Unfortunately, the uptick in I-526 receipts in the first quarter of FY2020 only added to the massive backlogs. There were 13,763 backlogged EB-5 petitions at the end of FY2019, and by the end of FY2020 Q1 that number had increased to 17,468. Luckily, the last three quarters of FY2020 saw hardly any new petitions filed, which allowed USCIS to tackle some of the backlog and reduce the number to 15,053. With EB-5 demand still being fairly low, there is a chance for the backlog to be reduced even more.

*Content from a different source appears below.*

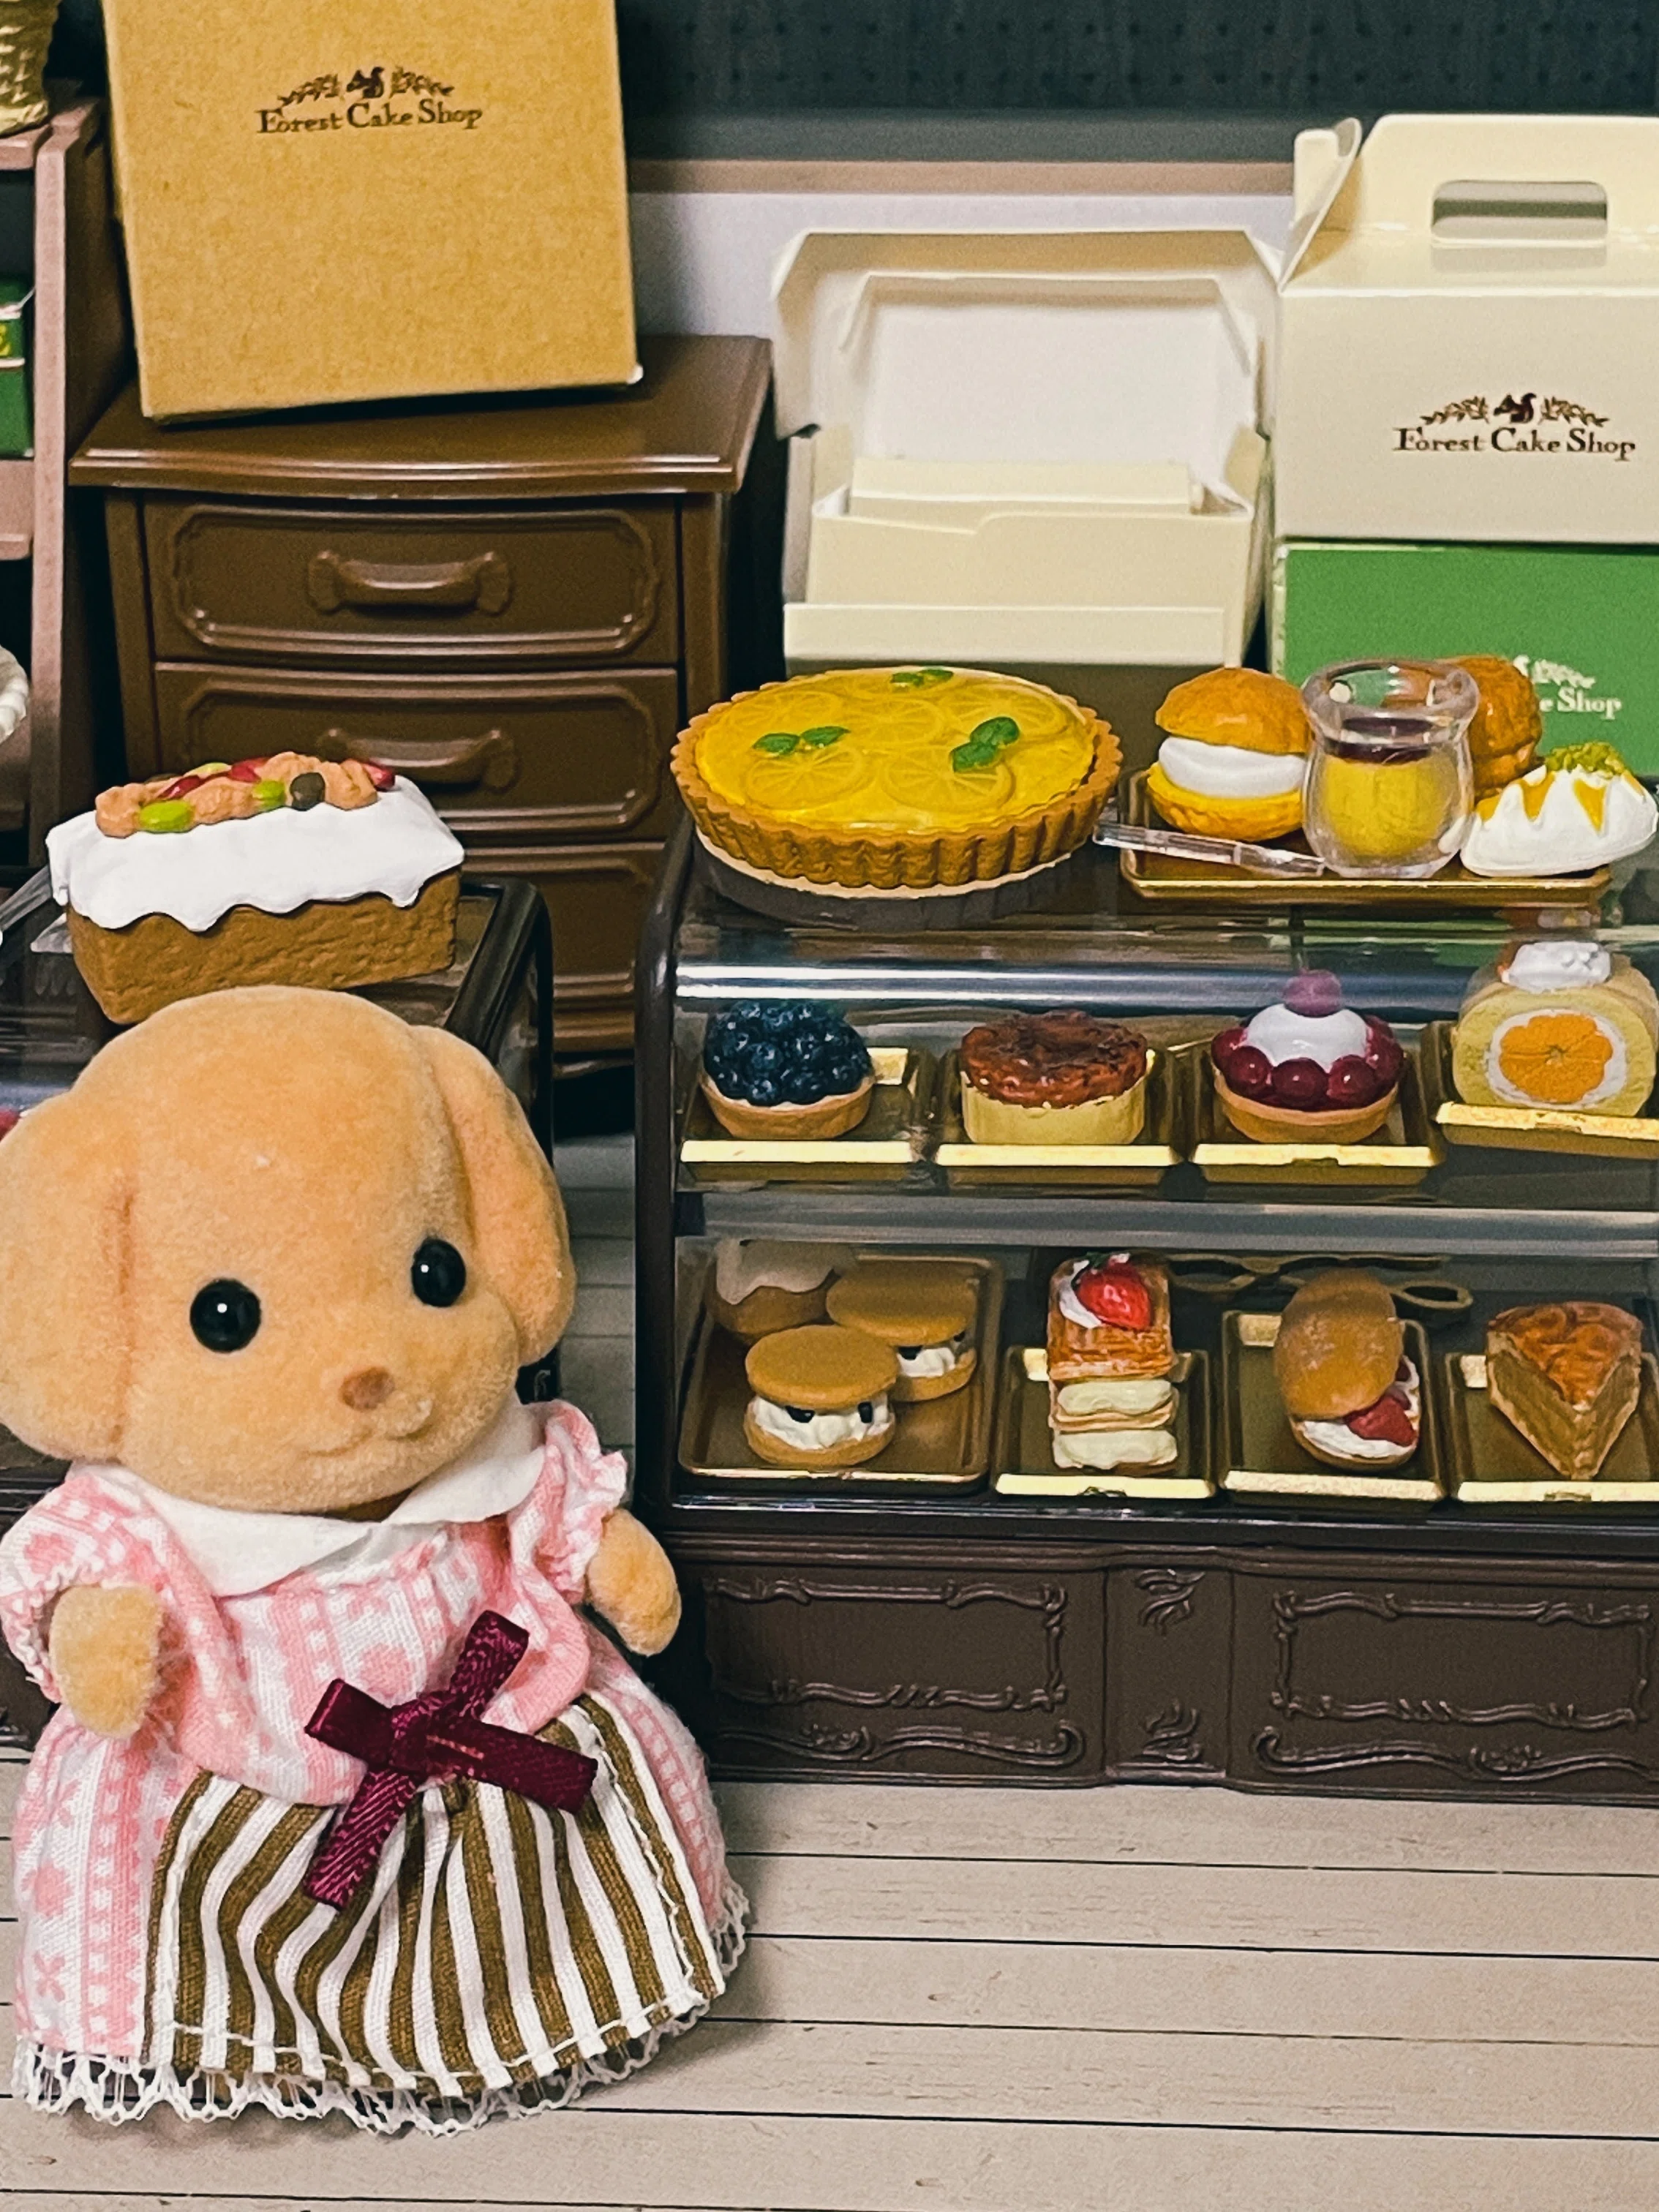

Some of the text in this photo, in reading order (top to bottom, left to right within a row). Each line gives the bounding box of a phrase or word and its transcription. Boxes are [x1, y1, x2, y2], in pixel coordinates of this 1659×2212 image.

[255, 98, 484, 133] Forest Cake Shop
[1391, 426, 1636, 462] Forest Cake Shop
[1557, 686, 1622, 721] Shop

The Way Forward for EB-5 Investors

Another major factor that could help reduce the EB-5 backlogs is the additional visas being allocated to the EB-5 program for FY2021. Normally, 10,000 visas are available for EB-5 applicants each fiscal year; however, due to the large number of unused visas in FY2020, 18,567 visas are available for the EB-5 program in FY2021. This means that a large number of the leftover visas can be used to reduce the backlogs in China and Vietnam.

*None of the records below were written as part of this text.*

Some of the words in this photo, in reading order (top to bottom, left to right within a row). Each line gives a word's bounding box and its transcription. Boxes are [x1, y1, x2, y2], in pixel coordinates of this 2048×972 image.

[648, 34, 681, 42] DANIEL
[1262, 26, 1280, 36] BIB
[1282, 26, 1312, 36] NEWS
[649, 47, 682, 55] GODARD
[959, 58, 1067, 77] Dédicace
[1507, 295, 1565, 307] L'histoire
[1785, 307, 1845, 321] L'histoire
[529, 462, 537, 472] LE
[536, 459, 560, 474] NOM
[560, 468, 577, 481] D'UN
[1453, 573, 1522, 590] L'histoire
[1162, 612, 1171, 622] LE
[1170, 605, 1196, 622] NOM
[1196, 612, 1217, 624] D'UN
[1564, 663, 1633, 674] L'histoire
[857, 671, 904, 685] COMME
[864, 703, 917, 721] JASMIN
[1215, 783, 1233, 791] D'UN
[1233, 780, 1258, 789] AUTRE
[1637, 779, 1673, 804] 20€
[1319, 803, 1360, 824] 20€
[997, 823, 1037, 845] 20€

While this is great news for anyone already in the system who has been subject to extremely long wait times, this is also incredibly positive for any foreign nationals planning an EB-5 investment. Any prospective EB-5 investors from China or Vietnam could experience much shorter wait times than anticipated if the EB-5 backlogs can be reduced.

If USCIS can act quickly and efficiently, FY2021 could be the perfect time to reduce the massive EB-5 backlogs in China and Vietnam. As the world recovers from the COVID-19 pandemic and things slowly begin to return to normal, it is likely that EB-5 demand will begin to rise again. Therefore, if USCIS does not use this time wisely, there will likely not be another opportune time to tackle these ridiculous backlogs. Not only could reducing the backlogs benefit the popularity of the EB-5 program, but it would help thousands of EB-5 investors finally achieve their dreams of a future in the United States.